Я сказал ему, что я продолжаю существовать как-то ощупью, в постоянном и беспредметном беспокойстве, почти метафизическом, и что я чувствую по временам такую душевную усталость, точно мне бесконечно много лет.
– Что-то у вас неладное, милый мой, – сказал он. – А так на вас посмотреть, вы совершенно нормальный человек. Может быть, вам на берег моря или в глухую деревню бы надо, вы об этом подумайте.
Я пожал плечами. Затем я взглянул на книжные полки и впервые заметил, что на одной из них стояла небольшая желтая статуэтка, которой я не мог как следует рассмотреть. Я спросил Павла Александровича, что это такое. Он поднялся с кресла, снял ее и передал ее мне.
Это была статуэтка Будды, из литого золота. Вместо пупка у Будды был довольно крупный овальный рубин. Меня удивила его поза: в противоположность тому, что я привык видеть, он был представлен не сидя, а стоя. Обе руки его были прямо вытянуты вверх, без малейшего сгиба в локтях, безволосая голова была склонена несколько набок, тяжелые веки нависали над глазами, рот был открыт, и на лице было выражение сурового экстаза, переданное с необыкновенной силой. На золотом животе, с непонятной и мертвой значительностью, тускло блестел рубин. Статуэтка была настолько замечательна, что я долго смотрел на нее не отрываясь и успел за это время забыть, где я нахожусь. Потом наконец я сказал:
– Прекрасная вещь. Где вы ее достали?
Он ответил, что недавно купил ее здесь, в одном из антикварных магазинов.

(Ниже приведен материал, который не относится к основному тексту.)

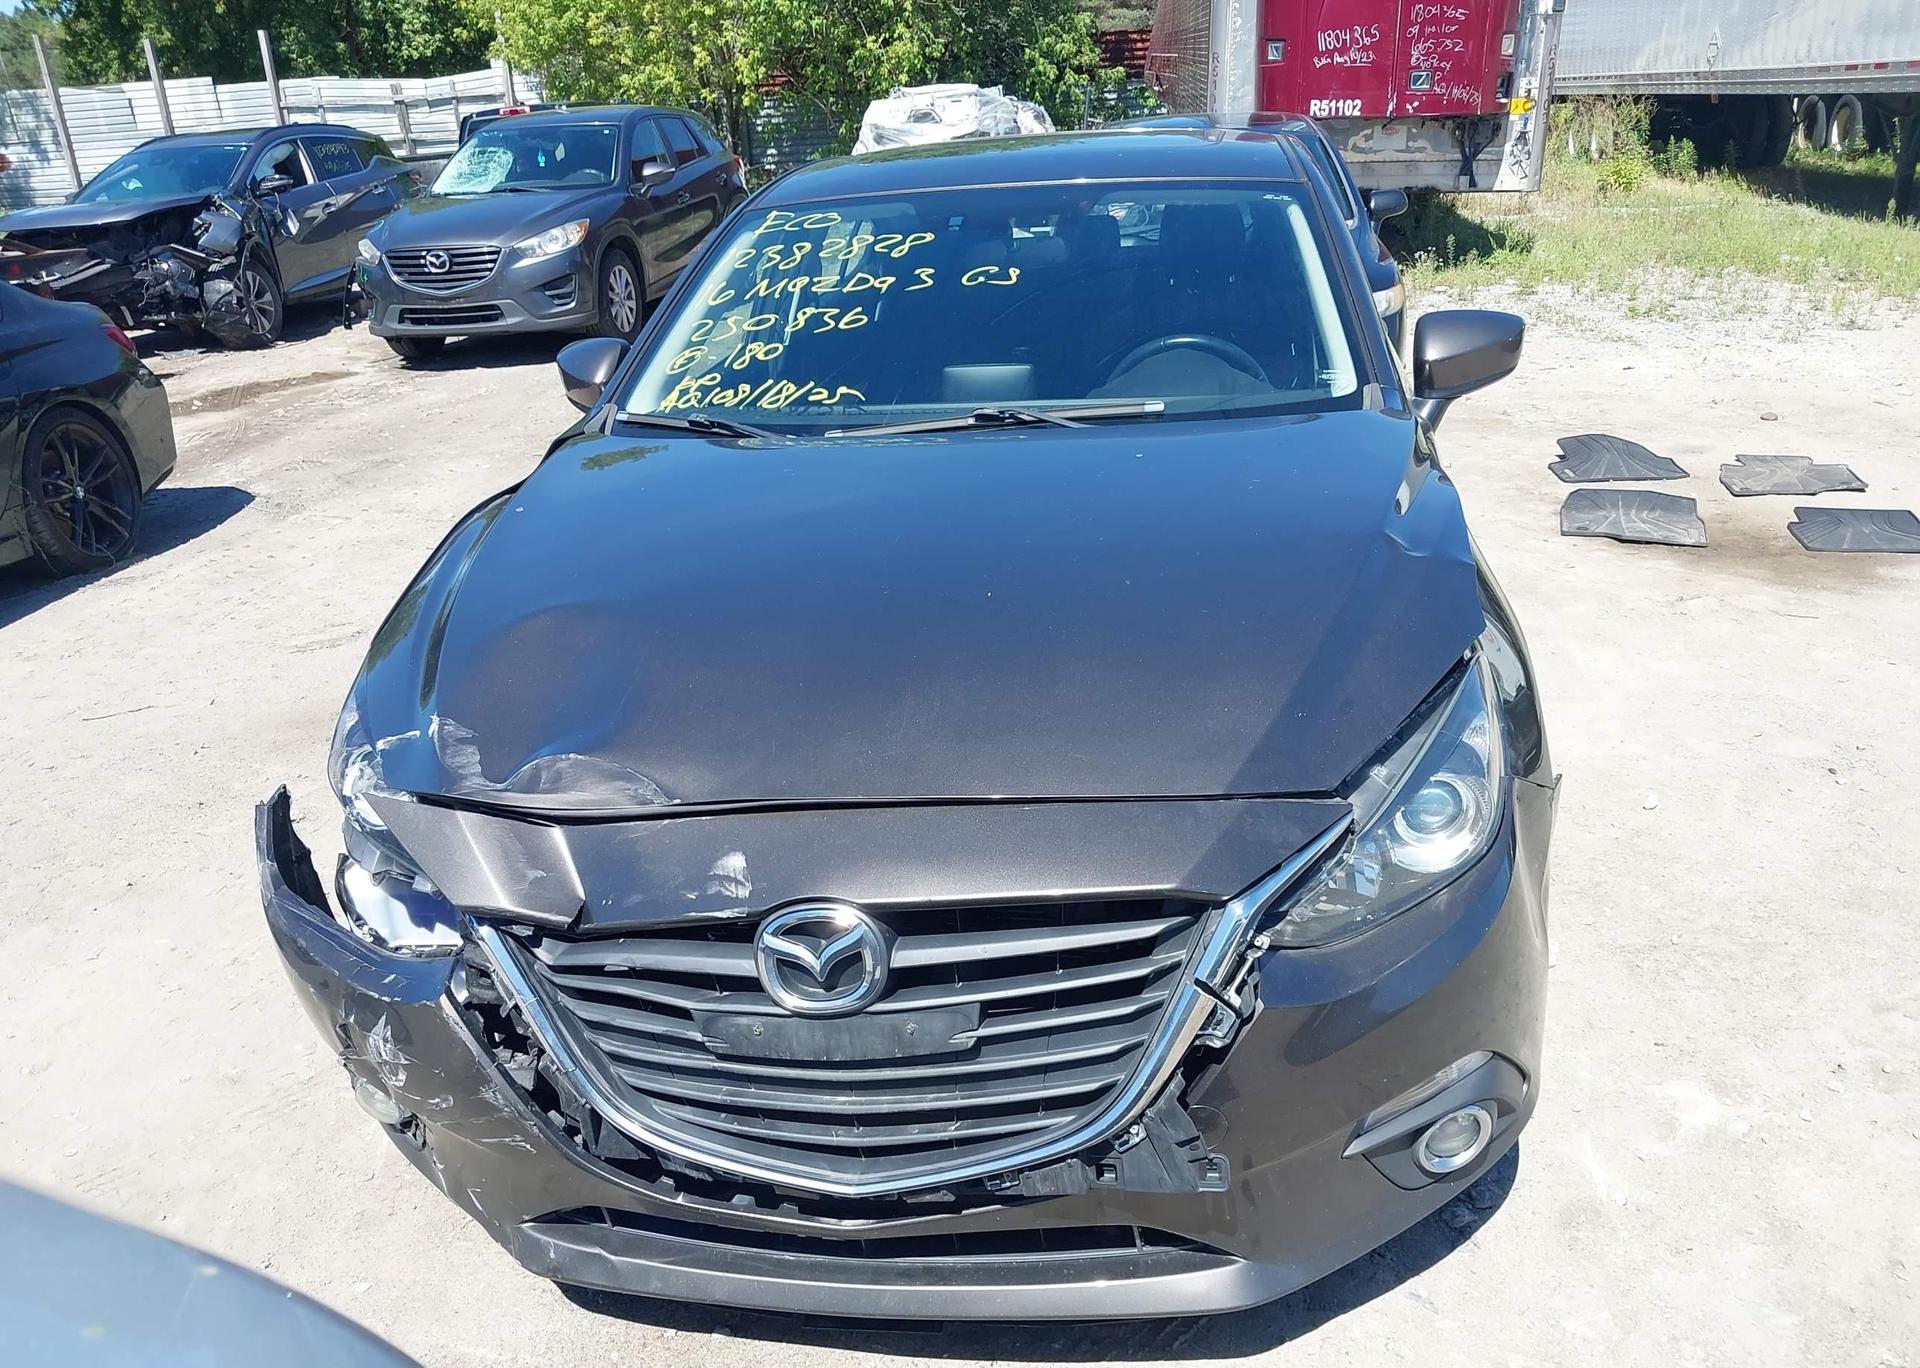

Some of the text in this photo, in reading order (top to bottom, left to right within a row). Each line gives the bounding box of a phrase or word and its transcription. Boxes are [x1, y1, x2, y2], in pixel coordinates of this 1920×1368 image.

[1318, 24, 1379, 51] 11804365
[1310, 98, 1362, 117] R51102
[752, 210, 842, 239] ECO
[904, 268, 936, 291] 3
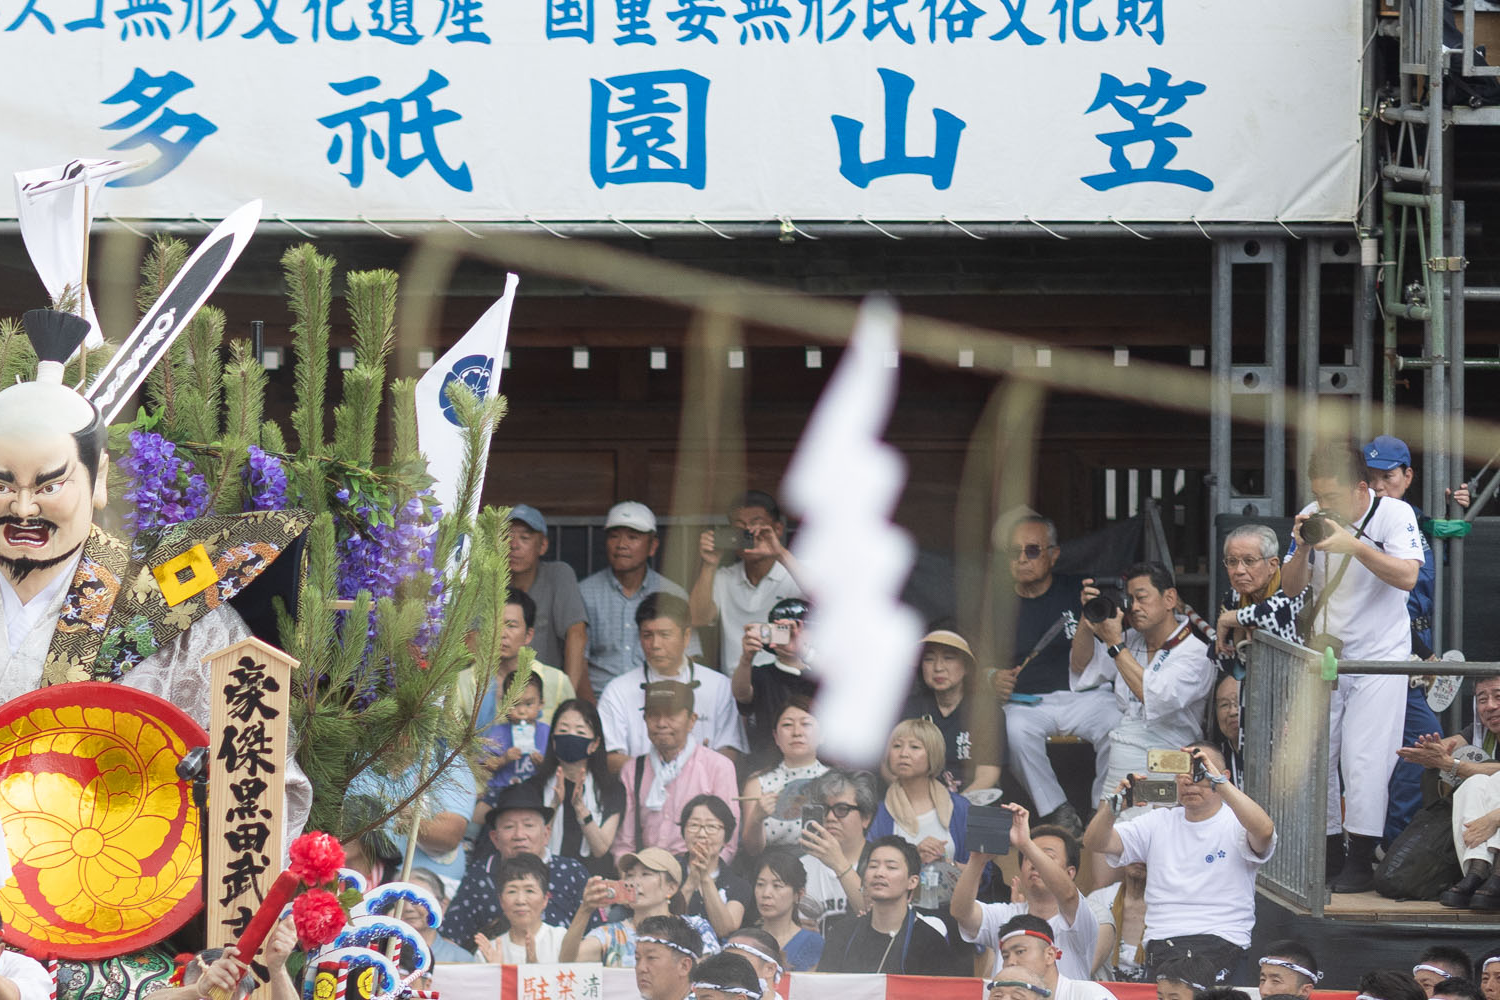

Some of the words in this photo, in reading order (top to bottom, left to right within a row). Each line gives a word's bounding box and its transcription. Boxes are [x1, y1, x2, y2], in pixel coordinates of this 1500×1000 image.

[545, 0, 1167, 46] 国重要無形民俗文化財

– Я смотрю на нее довольно часто, – сказал он, – и, конечно, всякий раз при этом думаю о буддизме, к которому чувствую тяготение.
– Соблазнительная религия, мне кажется.
– Чрезвычайно, чрезвычайно. В силу исторической случайности мы – христиане; мы могли бы быть буддистами, именно мы, русские.
То, что он говорил потом, мне показалось спорным – может быть, оттого, что в такого рода суждениях трудно было избежать несколько произвольных обобщений. Кроме того, я был склонен думать, что почти все религии, за исключением отдельных, варварских, культов, в какой-то момент почти совпадают и экстаз Будды, например, переданный с такой убедительностью в золотой статуэтке, напомнил мне некоторые луврские видения, и в частности, восторженное лицо святого Иеронима.